Voice Cursor
Team consisting of GenAI consultants/data scientists from AI Talentflow/CGI, Tangerine and CloudCosmos—LLMs, RAG/LangChain, PyTorch/TensorFlow, AWS; Punjabi Univ. & Lambton grads; Kaggle top 0.2%.
YouTube Video
Project Description
- Voice → Text User speaks; audio is streamed to Google Speech-to-Text (ASR) which returns a transcript. (Note: this is Speech-to-Text, not Text-to-Speech.)
- PII scrubbing The transcript is sent to Google Deidentify API (DLP), which masks/removes PII and returns de-identified text (optionally with redaction metadata).
- Safety classification De-identified text goes to Meta Llama Guard 4-12B, which evaluates content against 13 offense categories and returns: allowed/blocked, category, severity, and rationale.
- Policy gate
If blocked or concerning, the system tags it with the category, logs it to the Safety Ledger, and applies mitigations/refusals.
If allowed, the request proceeds to orchestration.
5.Orchestration & routing An Orchestrator/Router examines intent and safety labels, then fans out work to the Voice IDE agents as needed.
- Voice IDE agents run
coder-agent: drafts/refactors code, scaffolds tests.
reasoning-agent: plans steps, decomposes tasks.
security-agent: scans for secrets/vulns, enforces guardrails.
speech-agent: optimizes voice UX (barge-in, brevity).
validator-agent: lint/compile/sanity checks; verifies spec adherence.

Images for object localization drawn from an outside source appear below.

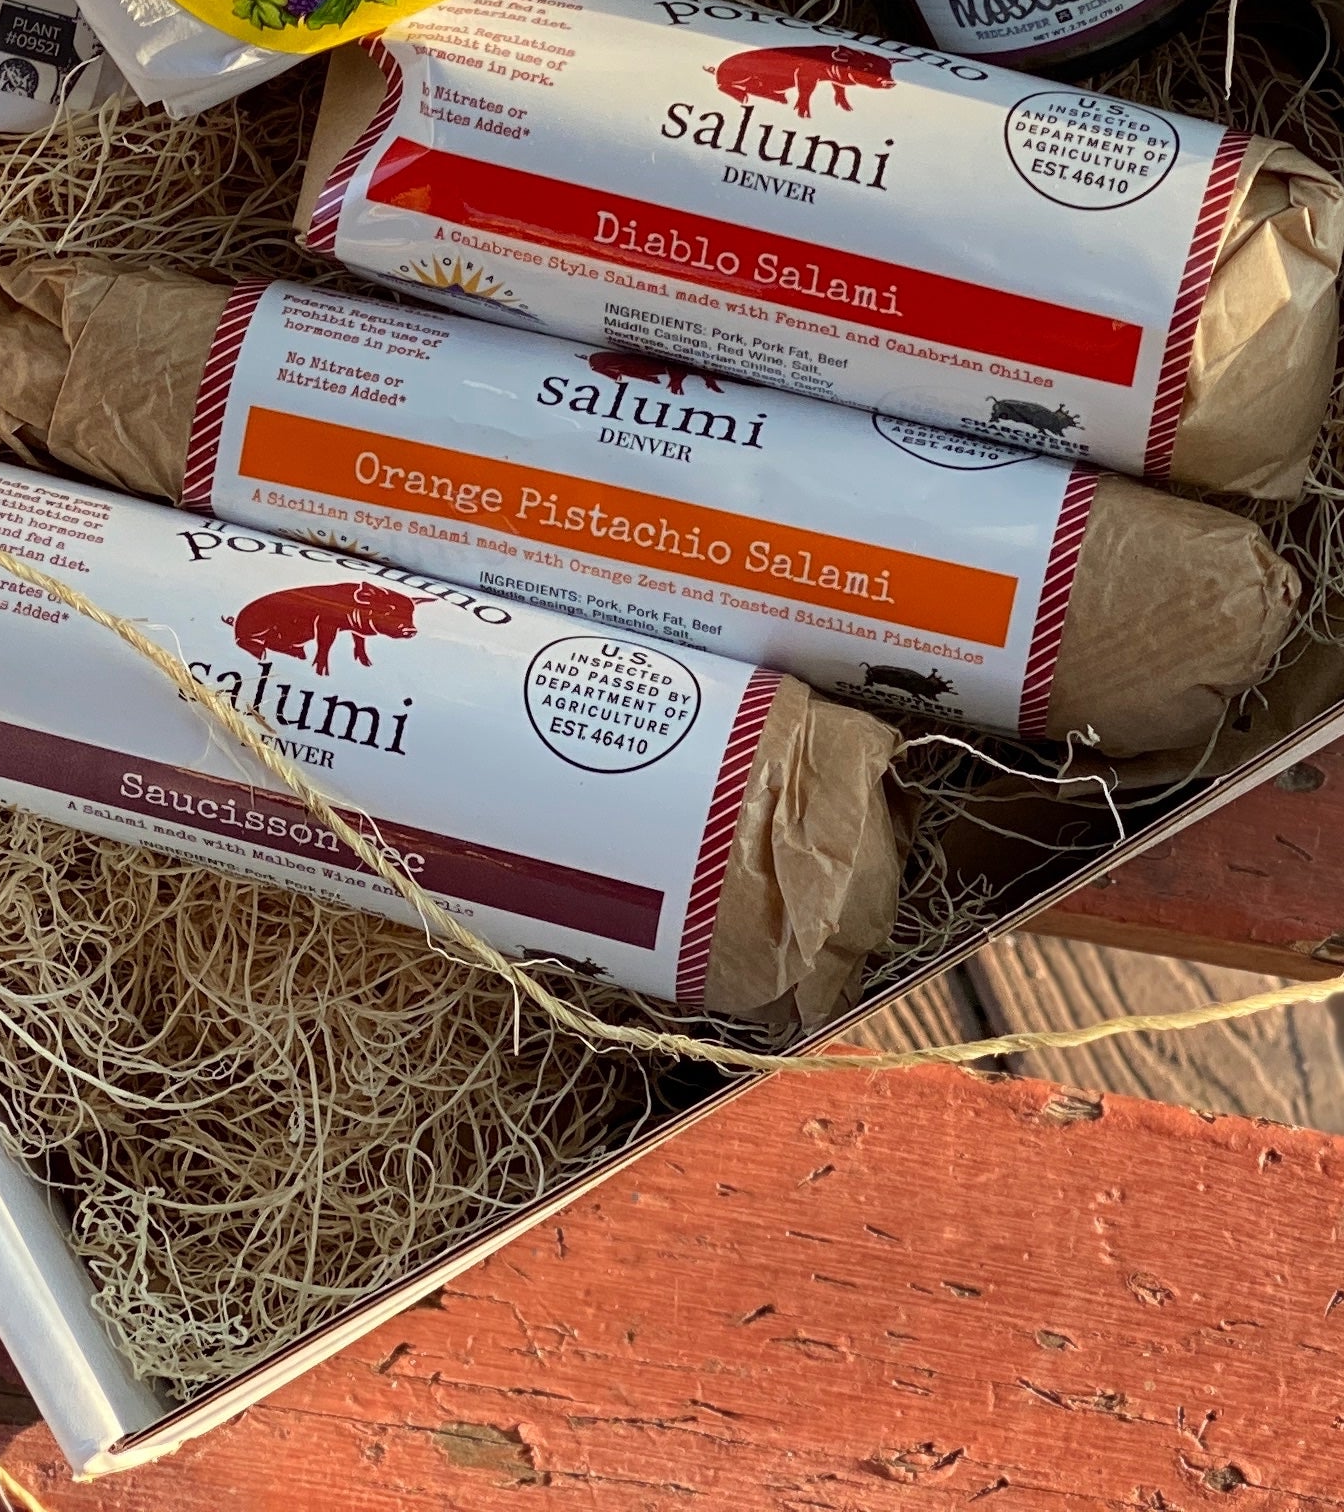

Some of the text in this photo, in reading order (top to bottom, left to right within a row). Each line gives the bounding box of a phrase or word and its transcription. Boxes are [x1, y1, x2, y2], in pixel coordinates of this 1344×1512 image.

[6, 32, 60, 57] #09521
[13, 16, 62, 39] PLANT
[474, 27, 577, 57] Regulations
[407, 32, 542, 65] prohibit the use
[511, 68, 555, 87] pork.
[435, 85, 504, 115] Nitrates
[507, 105, 528, 120] or
[1049, 104, 1151, 132] INSPECTED
[660, 100, 896, 191] salumi
[1015, 121, 1168, 163] DEPARTMENT OF
[1021, 110, 1170, 148] AND PASSED BY
[1022, 138, 1150, 177] AGRICULTURE
[1031, 158, 1129, 194] EST. 46410
[721, 164, 817, 205] DENVER
[593, 210, 904, 318] Diablo Salami
[281, 305, 443, 349] prohibit the use of
[283, 293, 345, 314] Federal
[349, 309, 451, 339] Regulations
[451, 230, 1055, 388] Calabrese Style Salami made with Fennel and Calabrian Chiles
[604, 316, 650, 337] Middle
[284, 317, 431, 361] hormones in pork.
[605, 302, 848, 370] INGREDIENTS: Pork Beef
[276, 368, 347, 395] Nitrites
[285, 351, 405, 389] No Nitrates or
[536, 376, 768, 450] salumi
[598, 427, 693, 463] DENVER
[942, 444, 999, 461] 46410
[45, 499, 110, 521] without
[83, 521, 104, 531] or
[354, 450, 896, 605] Orange Pistachio Salami
[24, 532, 53, 548] fed
[27, 515, 105, 545] hormones
[49, 553, 90, 574] diet.
[267, 492, 348, 522] Sicilian
[353, 509, 403, 533] Style
[407, 521, 471, 546] Salami
[476, 537, 518, 557] made
[522, 546, 564, 568] with
[569, 559, 632, 585] Orange
[637, 574, 677, 594] Zest
[681, 585, 714, 602] and
[720, 591, 791, 620] Toasted
[794, 609, 878, 641] Sicilian
[881, 630, 985, 666] Pistachios
[479, 571, 723, 636] INGREDIENTS: Pork, Pork Beef
[542, 660, 691, 705] AND PASSED BY
[571, 652, 673, 686] INSPECTED
[178, 661, 413, 756] salumi
[535, 674, 689, 721] DEPARTMENT OF
[541, 694, 670, 736] AGRICULTURE
[253, 733, 336, 770] ENVER
[550, 716, 648, 755] EST. 46410
[120, 772, 340, 853] Saucisson
[82, 804, 366, 889] Salami made with Malbec Wine

Agents may call Gemini 2.0 tools during their work.
- Context capture (temporary) Agent outputs and conversation turns are appended to Markdown files (temporary context store) to ground follow-ups. (This layer is designed to be swapped to CosmosDB later.)
- Generation The Orchestrator builds a prompt using the current user query + retrieved context snippets and calls Gemini 2.0 Flash to generate the final draft (code/answer).

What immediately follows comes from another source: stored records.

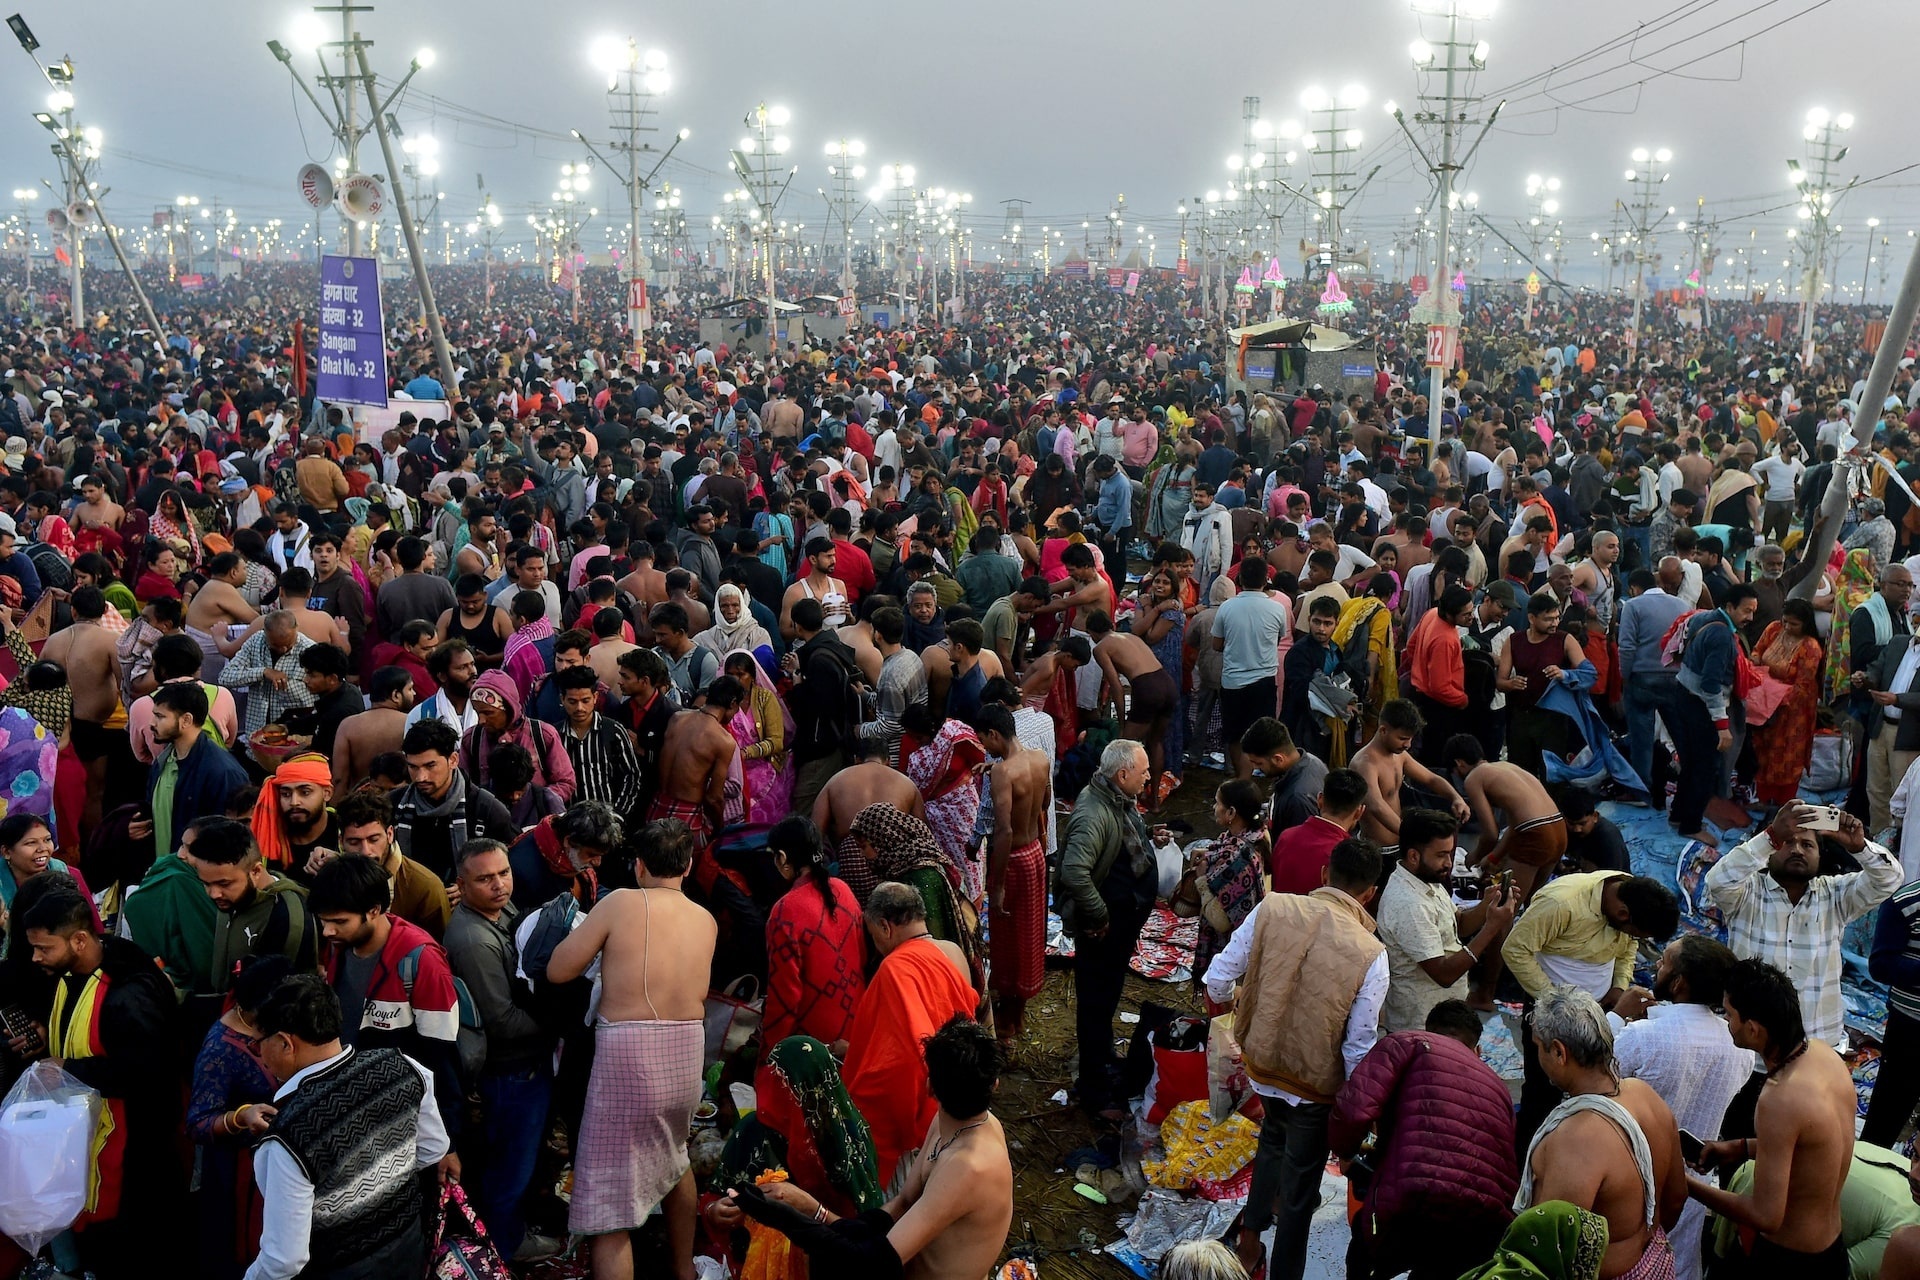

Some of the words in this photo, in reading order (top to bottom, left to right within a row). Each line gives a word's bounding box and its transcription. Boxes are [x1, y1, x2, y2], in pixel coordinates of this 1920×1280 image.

[323, 280, 343, 302] संगम
[344, 285, 358, 303] घाट
[322, 303, 346, 326] संख्या
[353, 309, 363, 327] 32
[838, 298, 855, 314] 149
[322, 331, 356, 354] Sangam
[321, 355, 342, 375] Ghat
[363, 360, 375, 379] 32
[364, 1001, 402, 1021] Royal

9.Human validation gate Any action that changes or creates files (e.g., committing code, modifying repos) is blocked until a human approver reviews the Gemini/agent proposal and clicks Approve. Only then does the system execute the change/output.

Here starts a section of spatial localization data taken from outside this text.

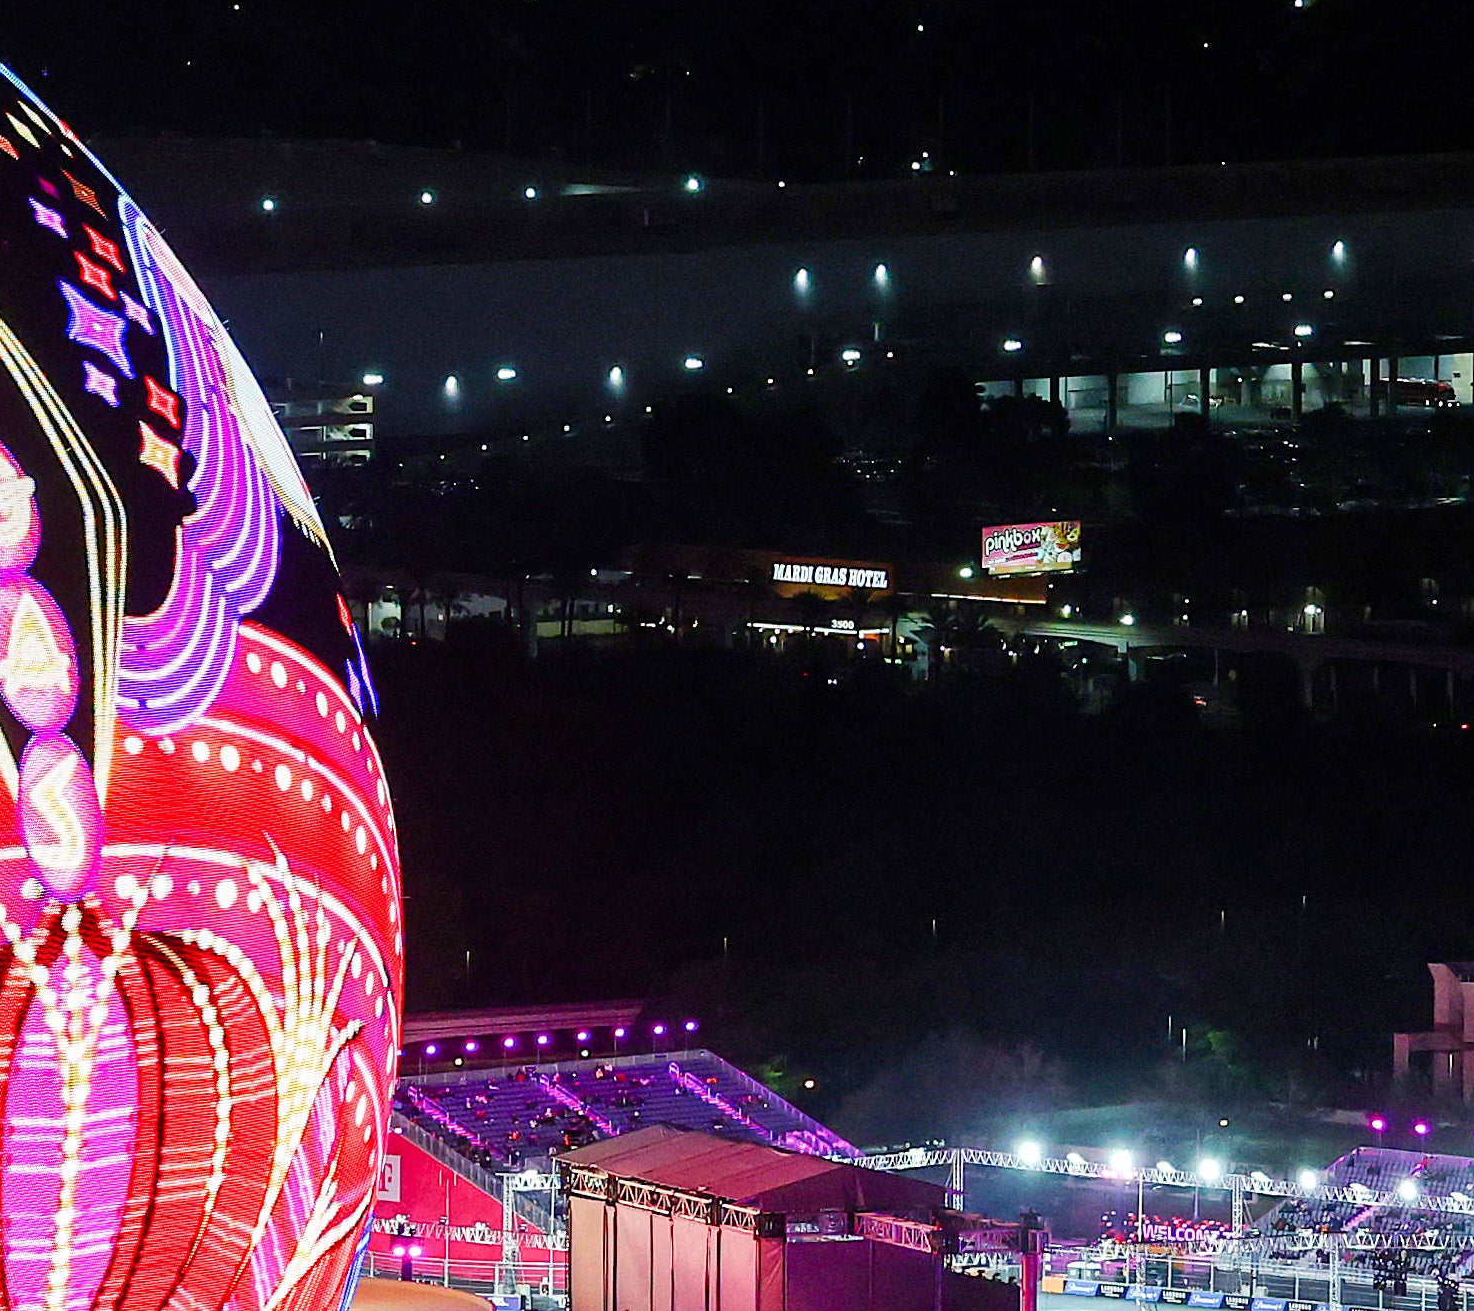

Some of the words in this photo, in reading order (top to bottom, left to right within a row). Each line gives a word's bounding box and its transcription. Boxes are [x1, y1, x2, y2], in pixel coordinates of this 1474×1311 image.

[985, 526, 1042, 557] pinkbox
[773, 563, 813, 583] MARDI
[814, 566, 847, 585] GRAS
[848, 569, 888, 589] HOTEL
[831, 619, 854, 630] 3500
[1143, 1224, 1218, 1242] WELCOM

10.Response delivery Approved output is returned to the user (text/markdown/code). If voice reply is enabled, it’s optionally sent to TTS for playback.
11.Observability (end-to-end) Throughout every stage, the platform records metrics, logs, and traces: request counts, latency, token usage, and estimated cost, plus safety category stats—feeding dashboards and alerts.